La deuxième transforme le combat entre les hommes en combat eschatologique, et le dieu guerrier, en partie en dieu juge ultime. Cette coexistence d’un combat final et cosmique et d’un jugement dernier se retrouve dans les nombreuses apocalypses du judaïsme hellénistique et romain, et, bien sûr, du christianisme. La guerre persiste, elle est menée par Dieu lui-même ou déléguée à un Messie (substitut du monarque antique moyen oriental), appuyé par la masse des anges et des élus. C’est un combat cosmique de la dernière heure entre les forces de Lumière et Bélial/Satan à la tête des troupes des Ténèbres. Une fois la victoire remportée, Dieu s’érige en juge des justes et des damnés, épaulé, si l’on peut dire, par le Messie qu’il a envoyé.
La troisième enfin, met en relief l’image délibérément contrastée d’un dieu désirant la paix plutôt que la guerre. Ainsi la lecture faite par Philon d’Alexandrie des lois de la guerre du Deutéronome se teinte-t-elle de philosophie grecque et retourne ces lois qui édictaient que la faute de Canaan faite à Israël exigeait, soit une soumission de certaines villes cananéennes, soit la destruction pure et simple de celles qui résisteraient.

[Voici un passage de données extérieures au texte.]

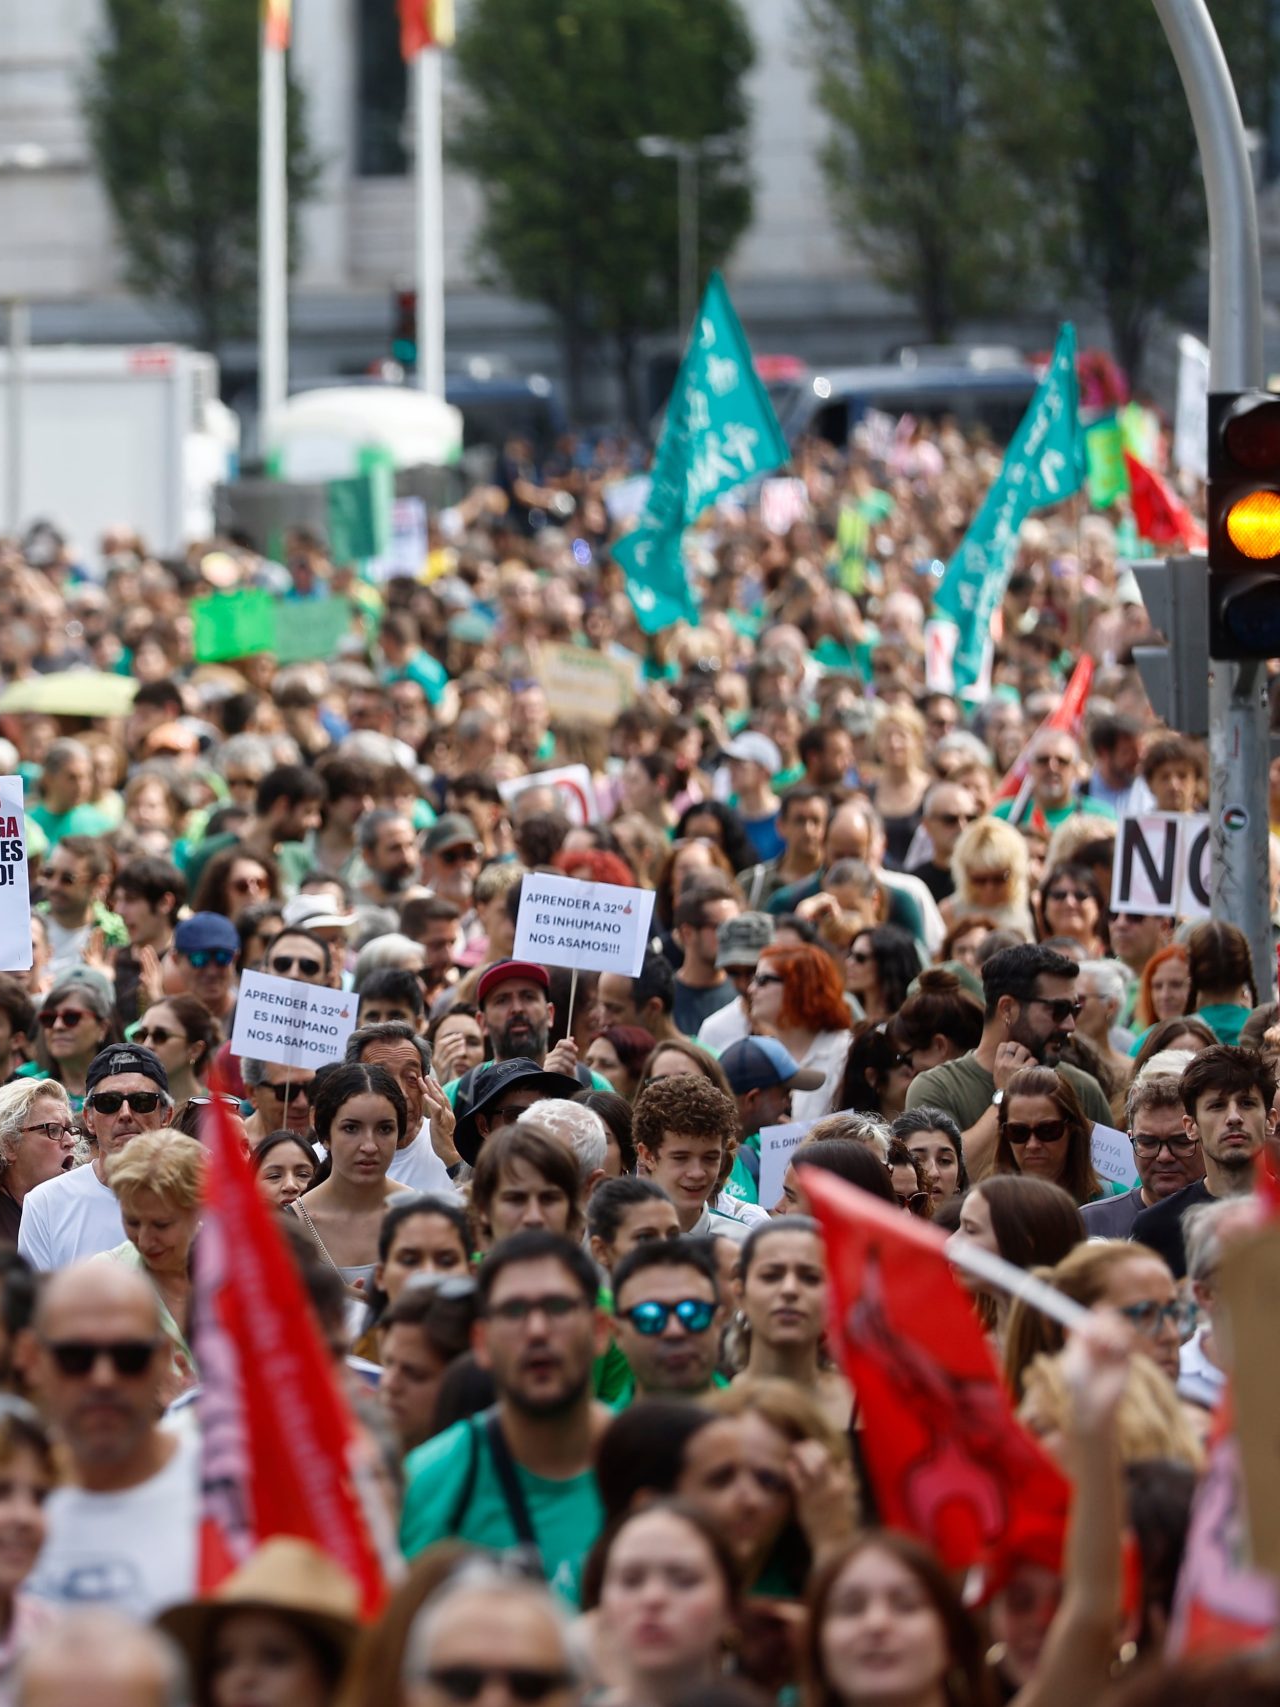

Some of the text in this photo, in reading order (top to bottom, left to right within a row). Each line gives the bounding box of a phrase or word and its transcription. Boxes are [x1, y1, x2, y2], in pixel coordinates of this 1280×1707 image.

[1, 840, 23, 862] ES
[526, 893, 590, 910] APRENDER
[593, 902, 600, 911] A
[535, 913, 621, 934] ES INHUMANO
[529, 933, 620, 954] NOS ASAMOS!!!
[245, 989, 307, 1010] APRENDER
[310, 1003, 318, 1013] A
[253, 1010, 338, 1036] ES INHUMANO
[247, 1029, 337, 1055] NOS ASAMOS!!!
[770, 1141, 781, 1149] EL

Le contrepied est total et va jusqu’à faire des villes d’Israël des cités assiégées par Canaan, des israélites des partisans de la paix, et de la guerre, au cas où elle serait inévitable, une pure guerre défensive. Dieu est présenté non pas comme omnipotent, mais comme à l’écoute des messages de paix souhaités par Moïse.